En nuestro país, sin embargo, la Miedocracia se despliega no solamente en la práctica electoral. También está presente en el miedo a la democracia y a su consolidación como orden social y político deseable. A juzgar por la manera restringida como se entiende el ejercicio democrático y el pánico que genera la posibilidad de alternativas al estado de cosas imperante, se podría afirmar que la democracia electoral, antes que sustentar un ethos y una concepción amplia de la misma, ha reforzado los prejuicios frente a la diferencia y ha servido como legitimador de mentalidades y prácticas no democráticas que comúnmente son asumidas como tales.
Nada nuevo. A esta demanda acudieron las distintas oposiciones políticas desde el frente nacional hasta nuestros días y fue, en parte, aquello que motivó la lógica participativa que sirvió de base a la Constitución Política de 1991. Sin embargo, pasados casi veinte años de la expedición de esta carta política y viviendo, como se repite todos los días, en una vibrante democracia que es, además, la más antigua y prolongada del continente, nada parece haber cambiado. Esta semana me topé con dos encuestas que, lamentablemente, parecen confirmarlo. La primera es el informe anual del Latinobarometro para el año 2009. La segunda, una encuesta del canal NTN24.
Con ocasión del golpe de Estado contra el presidente Zelaya, el Latinobarometro preguntó ¿cuán democrático es Honduras? calificándolo en una escala de 1 a 10. En Colombia la encuesta arrojó en promedio 7.1, es decir que, luego de una toma militar del poder político la mayoría de los colombianos encuestados cree que Honduras estaría a tan solo tres puntos de convertirse en la democracia perfecta. No sobra decir que fue la calificación más alta en todo el continente. Por su parte, el canal de noticias NTN24 preguntó a los cibernautas si ¿cree usted que la dictadura de Augusto Pinochet ayudo al progreso que hoy en día disfrutan los chilenos? La respuesta mayoritaria fue un sí, con el 70%.
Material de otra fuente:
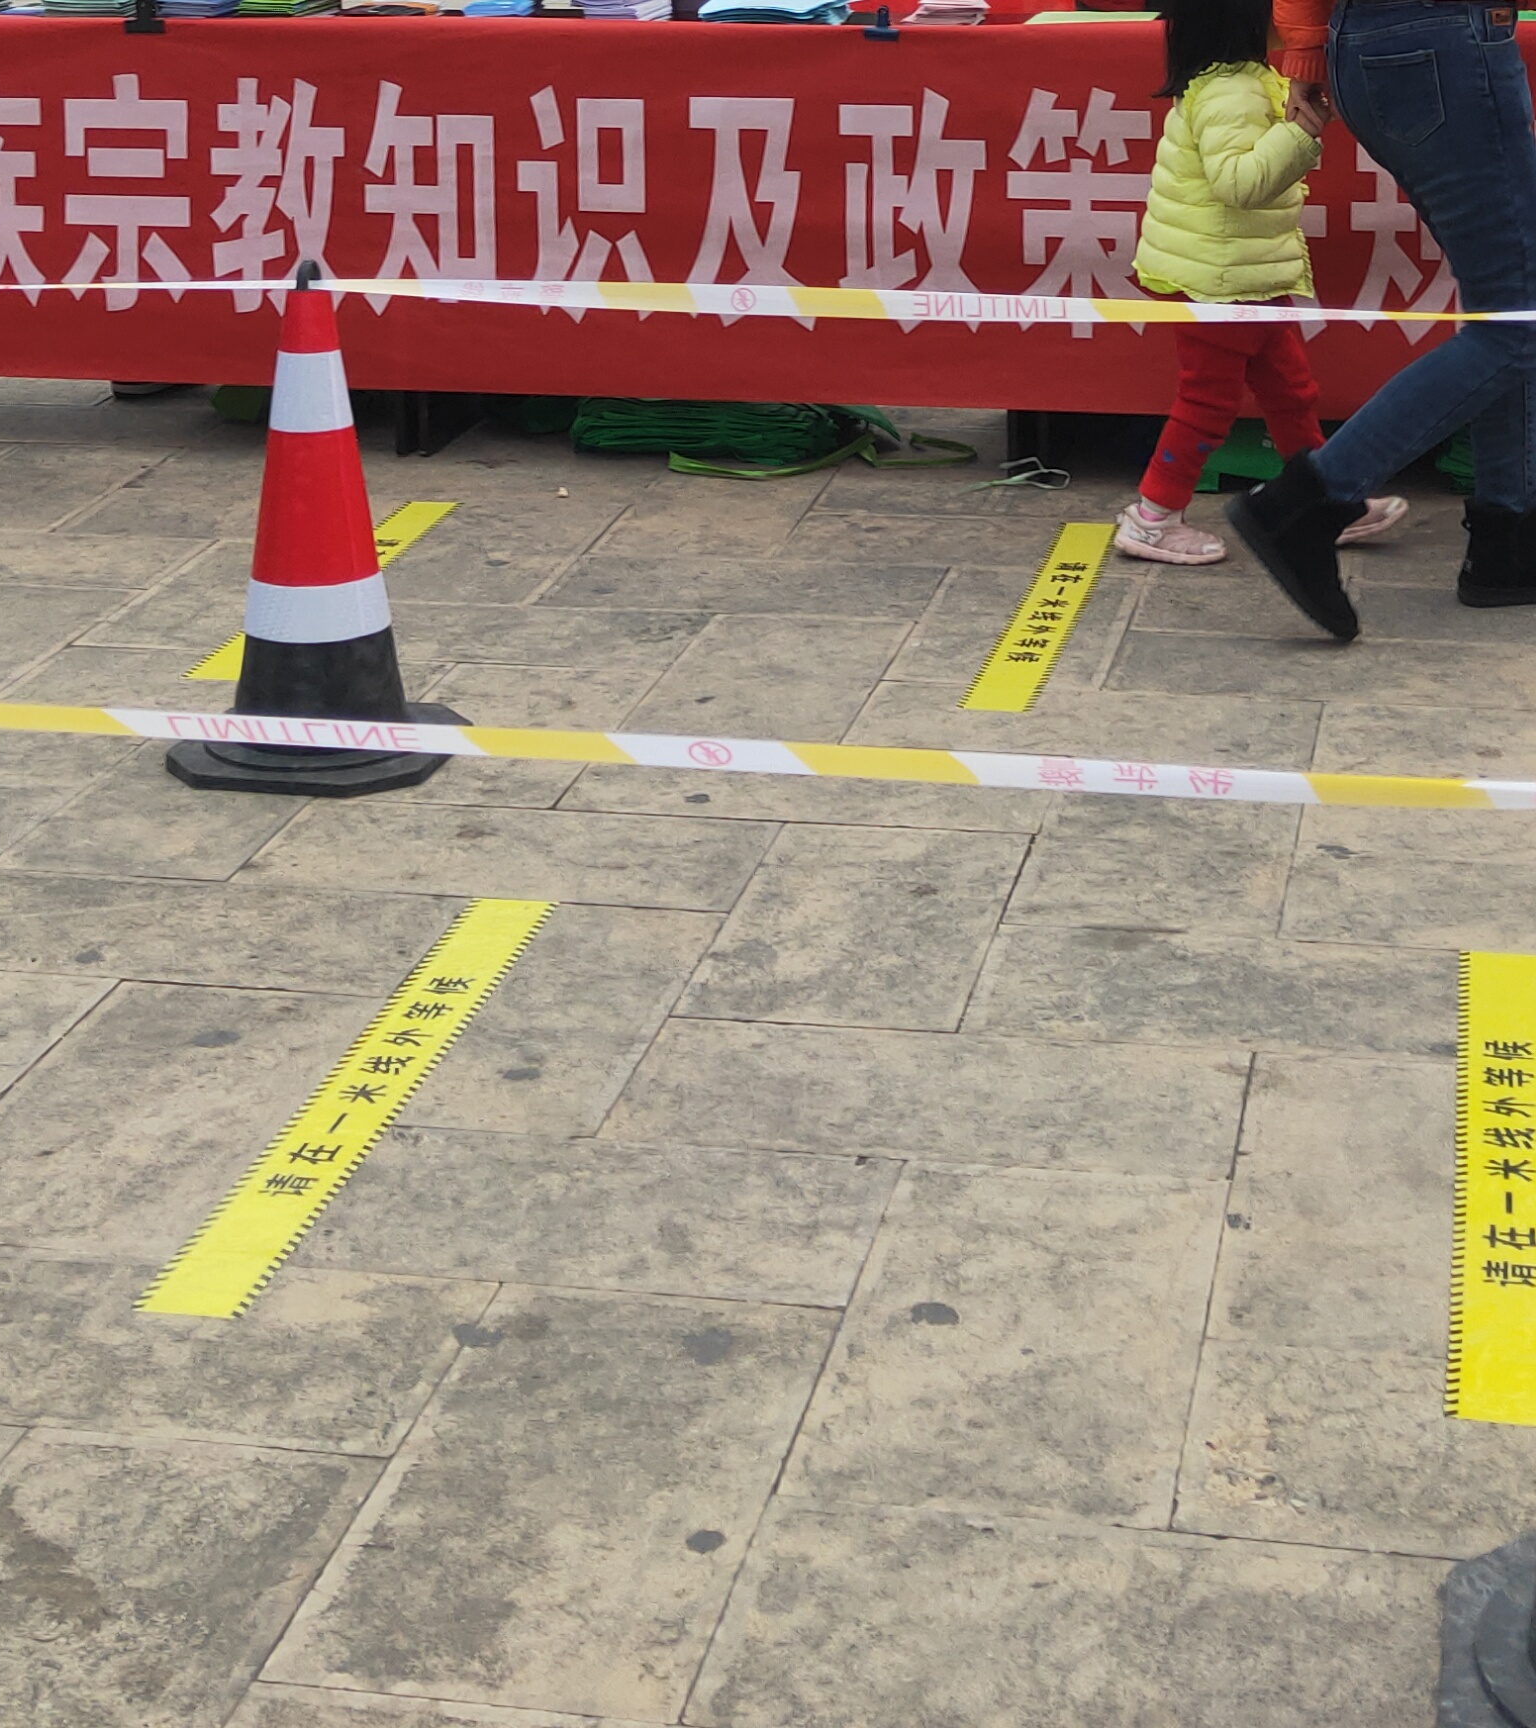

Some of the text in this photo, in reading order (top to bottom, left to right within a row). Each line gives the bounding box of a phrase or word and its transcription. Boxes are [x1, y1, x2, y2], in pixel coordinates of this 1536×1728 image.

Estos resultados bien reflejan lo que muchos colombianos entienden por democracia y la opacidad de los lentes con los que estos validan los procesos llamados democráticos. Explican, por ejemplo, por qué la mayoría de los votantes en los últimos ocho años se embelesaron con propuestas poco democráticas o autoritarias como las de Uribe y Mockus, y como la democracia electoral sirvió como legitimador de plataformas políticas que negaban de tajo principios democráticos como la pluralidad, la diferencia y la alteridad. Los colombianos se jactan de su democracia, pero ni la entienden, ni la practican. Se vanaglorian de unas definiciones legales que proyectan instituciones políticas dentro de los más elevados preceptos republicanos, pero ante una divergencia mínima no dudarían en recurrir a la arbitrariedad y el abuso de poder. El miedo parece estar presente en todos las instancias de la vida social y política, y la única respuesta posible pareciera ser el uso de democracia, para no vivir la democracia.
Ante esto solamente queda esperar que ojalá, algún día, la sociedad colombiana se embarque en la construcción de un proyecto colectivo en el que la democracia y sus dispositivos se conviertan en el mecanismo de coordinación prevalente y sea posible vivir la democracia. Quizá entonces se le pierda el miedo y sea posible considerarla como una herramienta posible para la transformación social y, por que no, la conjura contra el atavismo, antes que un mal necesario.